## Data shown
▶
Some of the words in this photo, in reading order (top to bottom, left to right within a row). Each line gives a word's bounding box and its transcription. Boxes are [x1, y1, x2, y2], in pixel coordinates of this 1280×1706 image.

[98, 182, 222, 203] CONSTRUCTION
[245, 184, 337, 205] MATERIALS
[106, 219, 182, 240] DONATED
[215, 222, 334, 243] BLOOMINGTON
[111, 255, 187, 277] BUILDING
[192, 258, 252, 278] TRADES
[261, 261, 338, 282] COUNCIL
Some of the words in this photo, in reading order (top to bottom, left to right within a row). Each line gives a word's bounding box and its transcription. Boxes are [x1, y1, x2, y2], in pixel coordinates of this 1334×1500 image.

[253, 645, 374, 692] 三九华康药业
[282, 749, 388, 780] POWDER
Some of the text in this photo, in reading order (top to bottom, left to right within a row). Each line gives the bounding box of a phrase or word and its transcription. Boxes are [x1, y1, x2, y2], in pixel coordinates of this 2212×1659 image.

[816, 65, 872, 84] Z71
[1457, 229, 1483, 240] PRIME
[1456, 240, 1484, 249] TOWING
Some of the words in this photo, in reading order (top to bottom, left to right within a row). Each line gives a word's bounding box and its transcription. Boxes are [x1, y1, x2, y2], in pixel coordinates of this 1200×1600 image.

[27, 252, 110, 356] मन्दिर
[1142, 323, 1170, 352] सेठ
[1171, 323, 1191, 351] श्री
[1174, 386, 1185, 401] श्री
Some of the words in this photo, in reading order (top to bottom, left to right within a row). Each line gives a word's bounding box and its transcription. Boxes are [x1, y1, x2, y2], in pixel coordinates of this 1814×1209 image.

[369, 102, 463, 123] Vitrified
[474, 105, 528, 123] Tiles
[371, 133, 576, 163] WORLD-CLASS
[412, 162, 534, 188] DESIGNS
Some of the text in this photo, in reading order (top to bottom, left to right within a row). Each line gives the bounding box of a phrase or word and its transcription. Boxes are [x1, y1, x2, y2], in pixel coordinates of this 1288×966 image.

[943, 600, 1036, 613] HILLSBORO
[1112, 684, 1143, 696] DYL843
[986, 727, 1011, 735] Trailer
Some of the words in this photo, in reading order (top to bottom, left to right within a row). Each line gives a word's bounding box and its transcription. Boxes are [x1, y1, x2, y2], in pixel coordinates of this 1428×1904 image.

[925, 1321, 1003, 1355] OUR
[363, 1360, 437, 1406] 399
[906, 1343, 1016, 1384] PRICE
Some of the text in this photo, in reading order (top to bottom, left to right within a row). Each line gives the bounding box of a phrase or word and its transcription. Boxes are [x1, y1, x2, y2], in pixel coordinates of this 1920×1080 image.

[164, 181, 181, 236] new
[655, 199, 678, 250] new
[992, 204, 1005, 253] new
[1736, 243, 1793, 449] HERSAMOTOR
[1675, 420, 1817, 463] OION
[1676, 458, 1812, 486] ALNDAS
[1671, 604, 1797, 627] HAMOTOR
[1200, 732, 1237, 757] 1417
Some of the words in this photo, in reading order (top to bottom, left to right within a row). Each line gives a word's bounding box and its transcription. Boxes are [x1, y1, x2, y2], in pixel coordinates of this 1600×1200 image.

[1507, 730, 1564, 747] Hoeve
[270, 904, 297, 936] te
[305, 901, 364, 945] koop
◀
## Task goal
Return the full data, every line of it, with nothing altered.

## Task output
Some of the words in this photo, in reading order (top to bottom, left to right within a row). Each line gives a word's bounding box and its transcription. Boxes are [x1, y1, x2, y2], in pixel coordinates of this 1280×1706 image.

[98, 182, 222, 203] CONSTRUCTION
[245, 184, 337, 205] MATERIALS
[106, 219, 182, 240] DONATED
[215, 222, 334, 243] BLOOMINGTON
[111, 255, 187, 277] BUILDING
[192, 258, 252, 278] TRADES
[261, 261, 338, 282] COUNCIL
Some of the words in this photo, in reading order (top to bottom, left to right within a row). Each line gives a word's bounding box and its transcription. Boxes are [x1, y1, x2, y2], in pixel coordinates of this 1334×1500 image.

[253, 645, 374, 692] 三九华康药业
[282, 749, 388, 780] POWDER
Some of the text in this photo, in reading order (top to bottom, left to right within a row). Each line gives the bounding box of a phrase or word and its transcription. Boxes are [x1, y1, x2, y2], in pixel coordinates of this 2212×1659 image.

[816, 65, 872, 84] Z71
[1457, 229, 1483, 240] PRIME
[1456, 240, 1484, 249] TOWING
Some of the words in this photo, in reading order (top to bottom, left to right within a row). Each line gives a word's bounding box and its transcription. Boxes are [x1, y1, x2, y2], in pixel coordinates of this 1200×1600 image.

[27, 252, 110, 356] मन्दिर
[1142, 323, 1170, 352] सेठ
[1171, 323, 1191, 351] श्री
[1174, 386, 1185, 401] श्री
Some of the words in this photo, in reading order (top to bottom, left to right within a row). Each line gives a word's bounding box and its transcription. Boxes are [x1, y1, x2, y2], in pixel coordinates of this 1814×1209 image.

[369, 102, 463, 123] Vitrified
[474, 105, 528, 123] Tiles
[371, 133, 576, 163] WORLD-CLASS
[412, 162, 534, 188] DESIGNS
Some of the text in this photo, in reading order (top to bottom, left to right within a row). Each line gives the bounding box of a phrase or word and its transcription. Boxes are [x1, y1, x2, y2], in pixel coordinates of this 1288×966 image.

[943, 600, 1036, 613] HILLSBORO
[1112, 684, 1143, 696] DYL843
[986, 727, 1011, 735] Trailer
Some of the words in this photo, in reading order (top to bottom, left to right within a row). Each line gives a word's bounding box and its transcription. Boxes are [x1, y1, x2, y2], in pixel coordinates of this 1428×1904 image.

[925, 1321, 1003, 1355] OUR
[363, 1360, 437, 1406] 399
[906, 1343, 1016, 1384] PRICE
Some of the text in this photo, in reading order (top to bottom, left to right within a row). Each line gives the bounding box of a phrase or word and its transcription. Boxes are [x1, y1, x2, y2], in pixel coordinates of this 1920×1080 image.

[164, 181, 181, 236] new
[655, 199, 678, 250] new
[992, 204, 1005, 253] new
[1736, 243, 1793, 449] HERSAMOTOR
[1675, 420, 1817, 463] OION
[1676, 458, 1812, 486] ALNDAS
[1671, 604, 1797, 627] HAMOTOR
[1200, 732, 1237, 757] 1417
Some of the words in this photo, in reading order (top to bottom, left to right within a row). Each line gives a word's bounding box and its transcription. Boxes are [x1, y1, x2, y2], in pixel coordinates of this 1600×1200 image.

[1507, 730, 1564, 747] Hoeve
[270, 904, 297, 936] te
[305, 901, 364, 945] koop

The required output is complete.